“Education is not a Crime”: words that sparked a human rights campaign and inspired mural artists all over the world to shine a light on the persecution of the Bahá’í faith in Iran.
By Elizabeth Carbe’
Santa Clarita, CA (The Hollywood Times) 6/14/17 – “Changing the World, One Wall at a Time” is a new documentary feature film produced by Iranian Canadian journalist Maziar Bahari and his team – the film continues in the footsteps of the movement that started in 2015 with Bahari’s film “To Light a Candle”. An array of street artists have executed a new abstract vision of oppression and emancipation, with murals spread out from South Africa to Brazil and France to North America. These works also reflect the strength and resilience of the human spirit. Bahari’s film focuses on the active suppression of education. What started as a Human Rights Campaign in New York has now grown to 41 murals painted by artists all over the world.
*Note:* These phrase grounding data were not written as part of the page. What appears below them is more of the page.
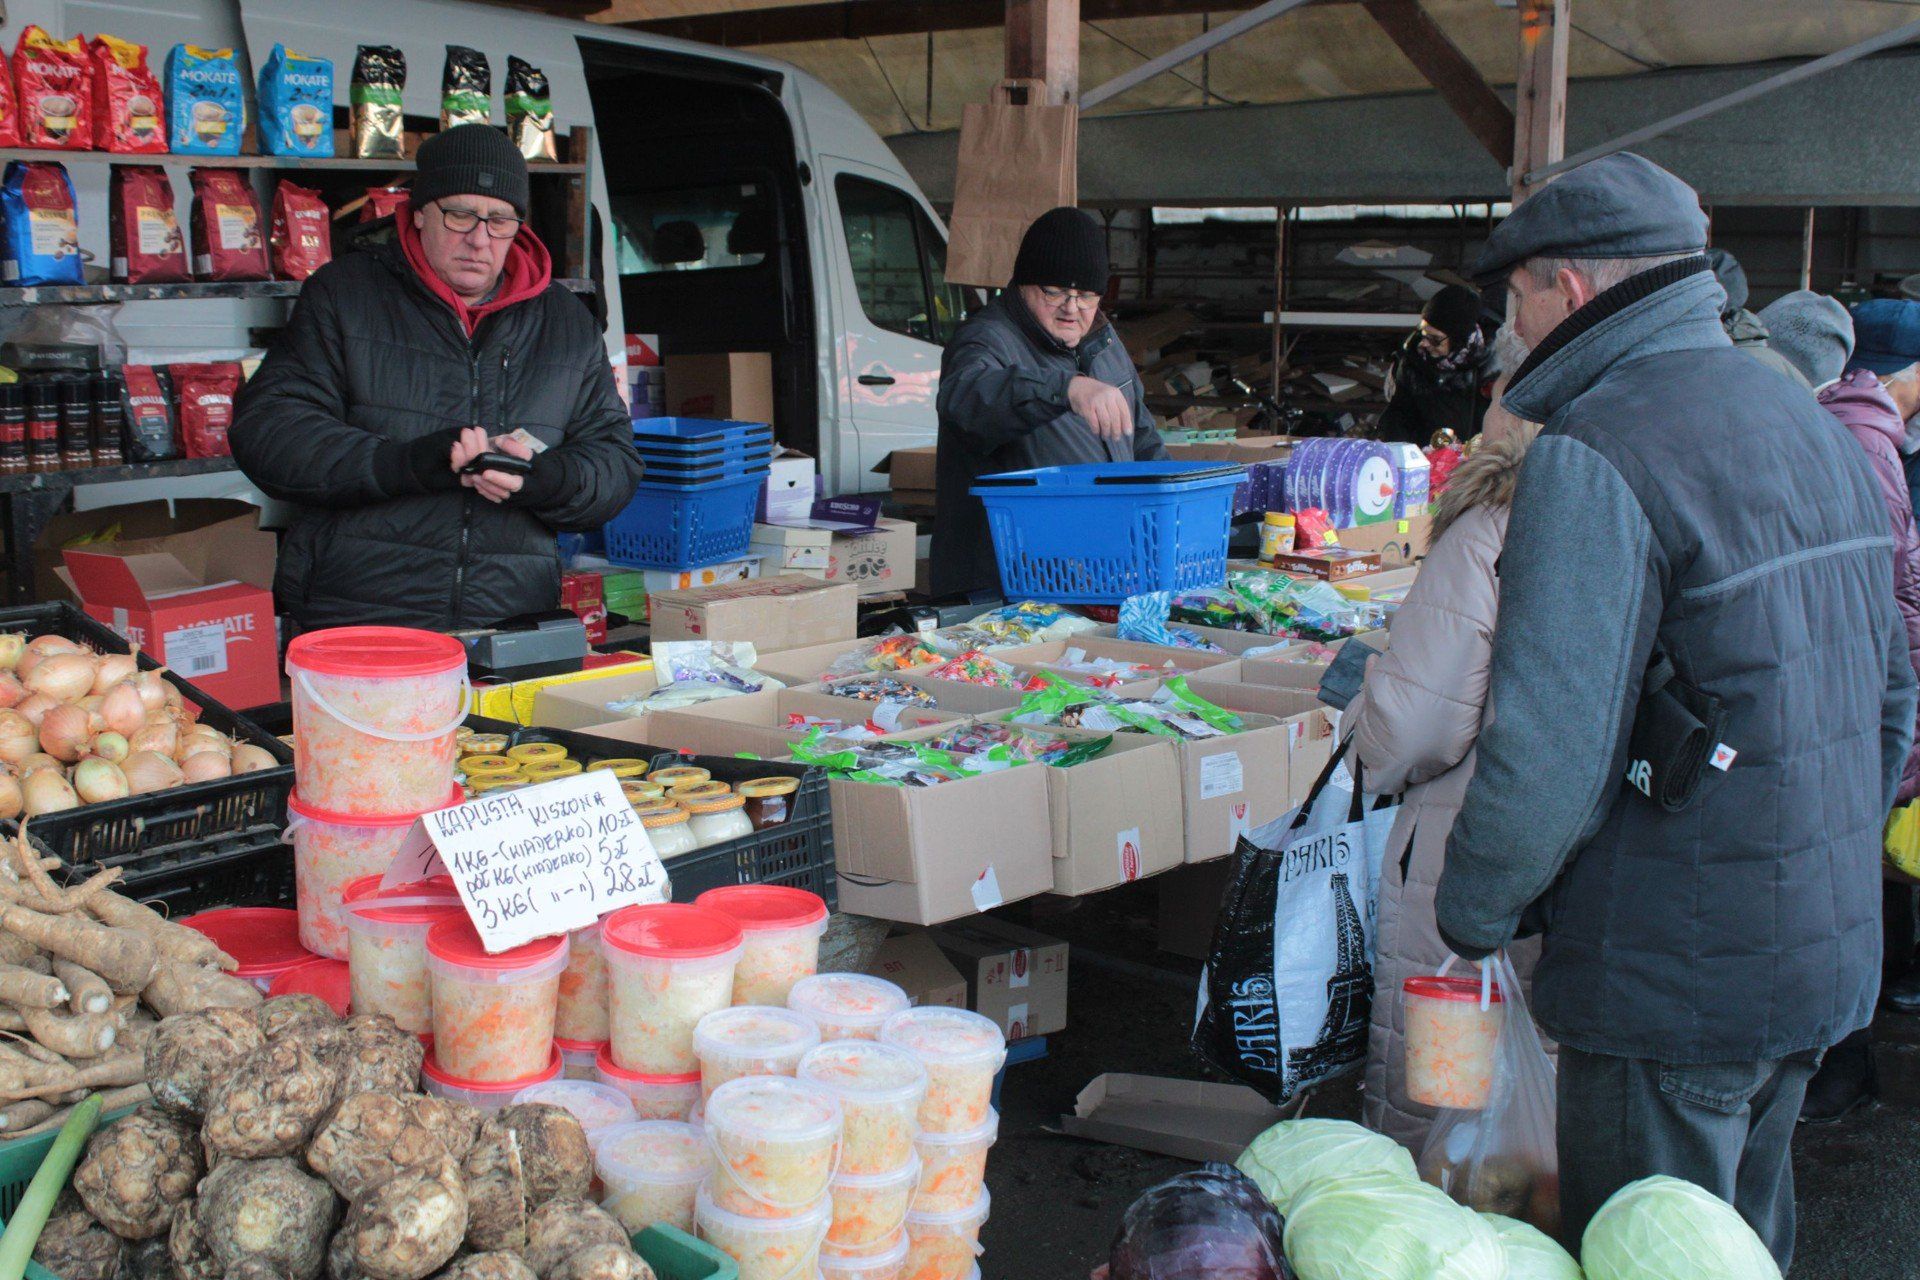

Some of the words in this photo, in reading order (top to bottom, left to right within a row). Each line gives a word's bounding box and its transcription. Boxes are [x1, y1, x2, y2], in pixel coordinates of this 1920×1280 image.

[180, 69, 236, 85] MOKATE
[284, 73, 330, 88] MOKATE
[1284, 832, 1350, 882] PARIS
[476, 899, 499, 930] 3
[1232, 975, 1278, 1074] PARIS
“Changing the World, One Wall at a Time,” presented by executive producers Maziar Bahari and Saleem Vaillancourt focuses on the persecution of the Bahá’í in Iran, particularly the denial of higher education to the Bahá’í by the Iranian government. The film features interviews with some of the many street artists that are part of the campaign, as well as interviews with activists that are part of the civil rights movement, the anti-apartheid struggle in South Africa, and people working on behalf of Human Rights for the Iranian people from all backgrounds. Maziar and company elicit compelling interviews with Bahá’í in Iran who have been denied an education and their rights, and also discuss the personal cost of these policies. The film goes into homes that have been converted into classrooms where the students study in secret and in fear of imprisonment or worse. In the case of one young woman, the film explores her journey to the US after attending a secret Bahá’í school, and how her successful advocacy work continues to inspire Bahá’í and non-Bahá’í alike.
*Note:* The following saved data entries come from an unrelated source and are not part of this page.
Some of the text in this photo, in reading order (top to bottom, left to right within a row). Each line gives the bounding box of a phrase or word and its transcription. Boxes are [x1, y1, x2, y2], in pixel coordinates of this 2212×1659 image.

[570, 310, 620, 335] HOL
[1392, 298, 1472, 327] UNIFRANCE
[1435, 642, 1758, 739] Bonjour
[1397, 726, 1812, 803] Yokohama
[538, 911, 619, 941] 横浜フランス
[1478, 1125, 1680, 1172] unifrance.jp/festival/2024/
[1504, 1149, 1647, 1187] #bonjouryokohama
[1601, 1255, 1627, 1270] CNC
Some of the many incredible street artists featured in the movies are Elle, who painted a mural in New York, as well as Astro from France, Rone from Australia and Matarrita from New York amongst others. I spoke to the muralist Elle, currently here in Los Angeles, as she was just finishing a new mural at the Sunset Marquis Hotel in West Hollywood. This is the second mural she has created for the “Education Is Not a Crime” campaign. We discussed her process in creating this work. She explained the piece is rather fantastical – it depicts a woman of African descent whose imagination that is exploding, with hands that are reaching towards books that are flying away from her. Though not yet complete at the time of this interview, there is enough to be truly struck by Elle’s vision and her artistry.
Elle’s art is a mixture of collage, figurative and abstract floral. She explains that it’s a good way to incorporate all different races, colors and cultures into her art. She went on to explain, “my sketch for the first mural was more Bahá’í-centric, but they wanted the murals to represent the struggles of all oppressed people everywhere. It’s not just painting another mural – this is has a deeper meaning and so conceiving it was a much different process”. So within three days she created and painted a work that is filled with beauty and has an undeniable message. Elle brings her second artistic vision and incredible technique to the “Education is Not a Crime” campaign. The installation is the first of Sunset Marquis’ efforts to collaborate with street artists around the world and bring their art to the hotel. It must be said that the murals featured in the film are no less intense, demanding the viewer’s engagement.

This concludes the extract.